De son vrai nom Hans Mayer, Jean Améry est né le 31 octobre 1912, à Vienne, dans une famille de la petite bourgeoise ; il perd très tôt son père à la guerre. Ce n'est sans doute pas un hasard si l'une des premières évocations de la figure de Jean Améry se trouve dans une oeuvre de fiction écrite par Ingeborg Bachmann, elle-même autrichienne hors d'Autriche. Lecteur insatiable, Jean Améry avait toujours rêvé de devenir écrivain, et n'aura finalement eu le droit que d'être "le déporté professionnel", "le juif souffrant de la souffrance juive". Une première fois meurtri par les jugements condescendants portés sur son roman Lefeu ou la démolition, il est littéralement anéanti par l'échec de son Charles Bovary : "Si Bovary se plante, je saurai ce qu'il me reste à faire." Le 17 octobre 1978, Jean Améry, qui n'avait jamais voulu retourner s'établir dans son pays, se donne la mort dans une chambre d'hôtel de Salzbourg. Quelques mois auparavant, il avait écrit à Ernst Maier, son ami d'enfance : "J'appartiens à ce paysage de collines."

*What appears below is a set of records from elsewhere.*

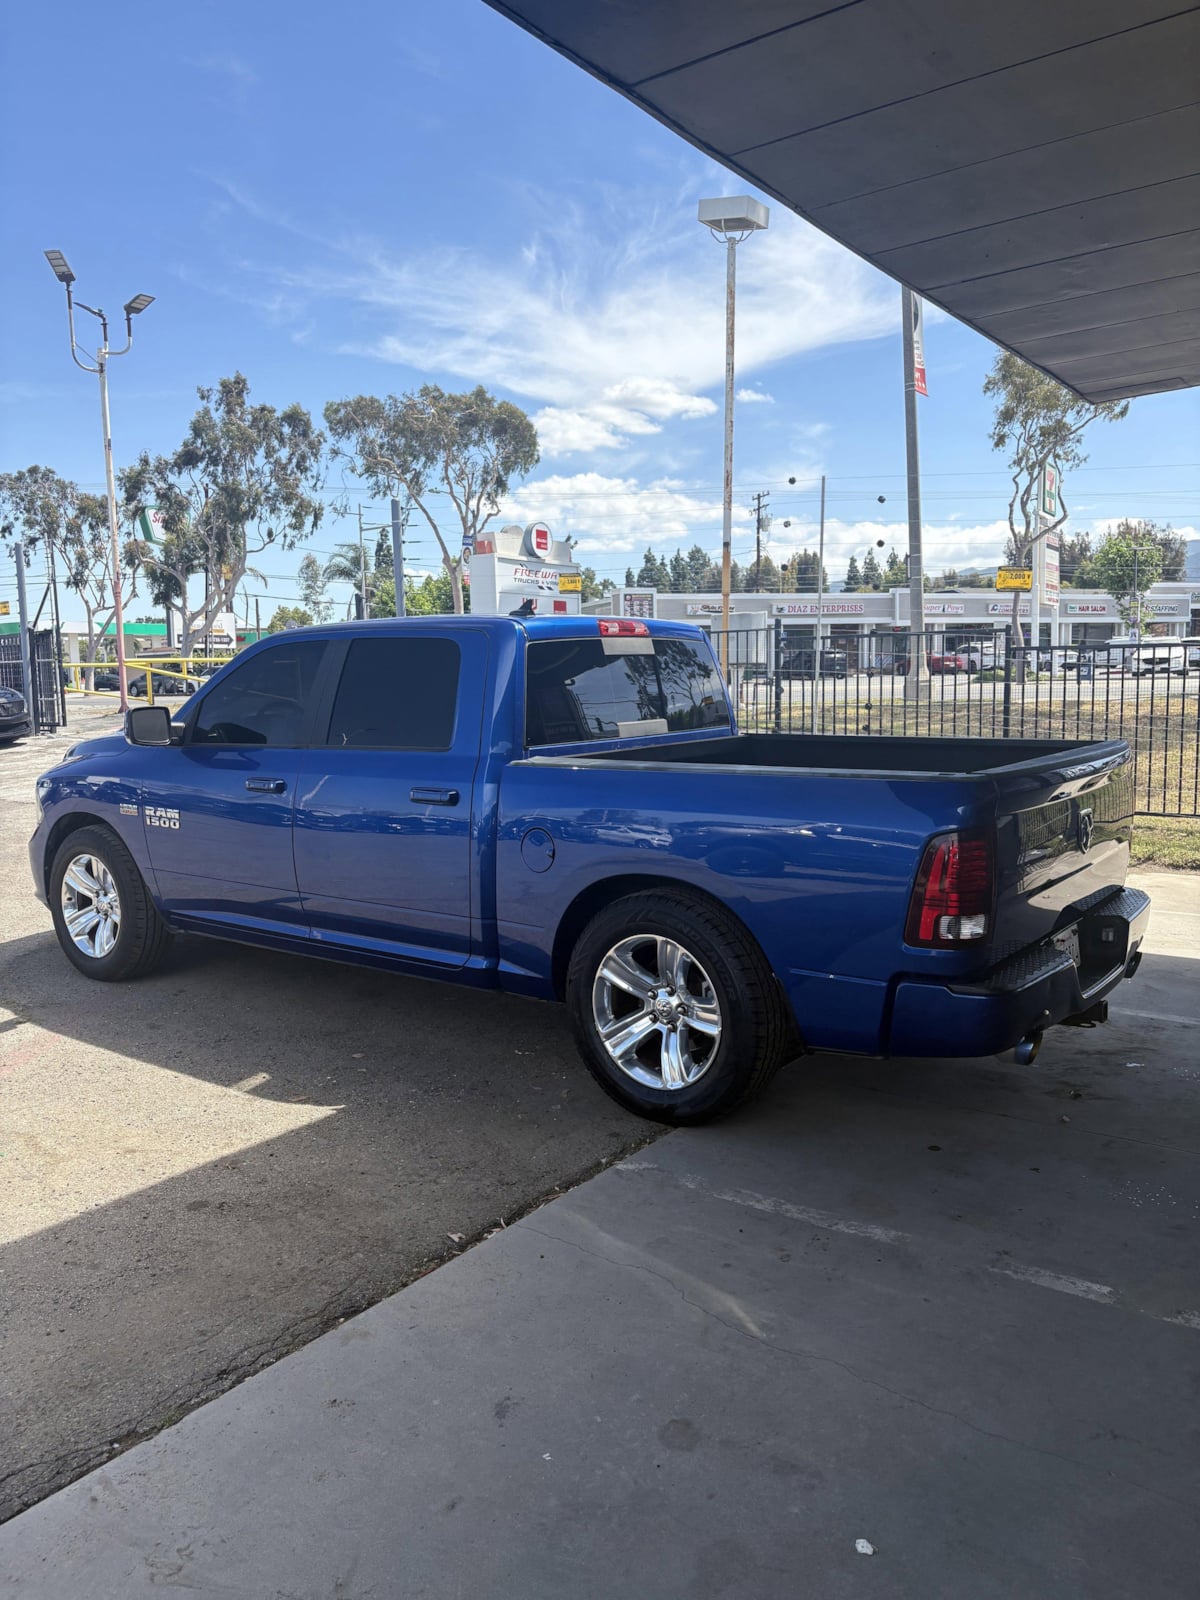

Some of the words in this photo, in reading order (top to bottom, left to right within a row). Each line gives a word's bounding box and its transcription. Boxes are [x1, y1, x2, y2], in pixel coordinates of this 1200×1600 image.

[514, 567, 559, 580] FREEWA
[513, 577, 540, 585] TRUCKS
[787, 605, 808, 613] DIAZ
[810, 604, 864, 613] ENTERPRISES
[1091, 605, 1106, 613] SALON
[144, 806, 180, 819] RAM
[145, 816, 180, 830] 1500

De l'auberge bucolique de Haute-Autriche à l'université populaire de Vienne la rouge, de l'éveil politique pendant l'insurrection ouvrière de 1934 à l'exil sans retour de 1938, de la résistance en Belgique à la déportation en 1941 - l'itinéraire de Jean Améry ainsi recomposé vient croiser la destinée tragique des quelque 130 000 exilés autrichiens, majoritairement juifs, que la République d'Autriche n'aura jamais appelés officiellement au retour. Rien, ou presque, de ce qui avait constitué leur culture d'avant l'exil ne pouvait être à nouveau mobilisé pour rebâtir une quelconque identité autrichienne. On comprend alors un peu mieux tout ce qui sépare l'Italien Primo Levi de Jean Améry l'Autrichien. L'homme de science issu de la grande bourgeoisie juive de l'autodidacte prolétarisé dont même le judaïsme a été forgé "ex negativo". Pour l'apatride que fut Jean Améry, seul un certain type de littérature pouvait encore faire figure de "Heimat" (patrie, au sens de foyer) : "Ce pays peut nous rendre malade de dégoût quand c'est le nôtre. Mais on continuera toujours de l'aimer à notre façon, d'un amour tourmenté", affirmera Jean Améry à la parution de L'Origine, de Thomas Bernhard.
Comme l'écrit si justement Irene Heidelberger-Leonard, Jean Améry ne pouvait être autrichien qu'au sens "sentimental" du terme. En témoignent ses lettres quasi quotidiennes à sa seconde femme, Maria, tour à tour ardentes ou querelleuses, truffées des diminutifs les plus fantaisistes puisés dans le dialecte autrichien. En témoigne aussi cet humour facétieux, volontiers morbide : "Figurez-vous qu'un étudiant m'a récemment demandé : "Pourquoi avez-vous écrit ce livre sur le suicide et ne vous êtes-vous pas suicidé ?" Je lui ai répondu : Patience !"
Un Hans Mayer finalement enfantin et jouisseur à ses heures, amoureux des femmes et de Paris, dont l'âpreté de la vie éclaire l'intransigeance de l'oeuvre, et inversement. Un Jean Améry, dont il faut relire les essais limpides et découvrir la fiction expérimentale. Quelqu'un qui éblouit dans le noir, par sa négativité et sa force de démolition, son front bosselé "à force de se cogner aux limites", comme le dirait Ludwig Wittgenstein.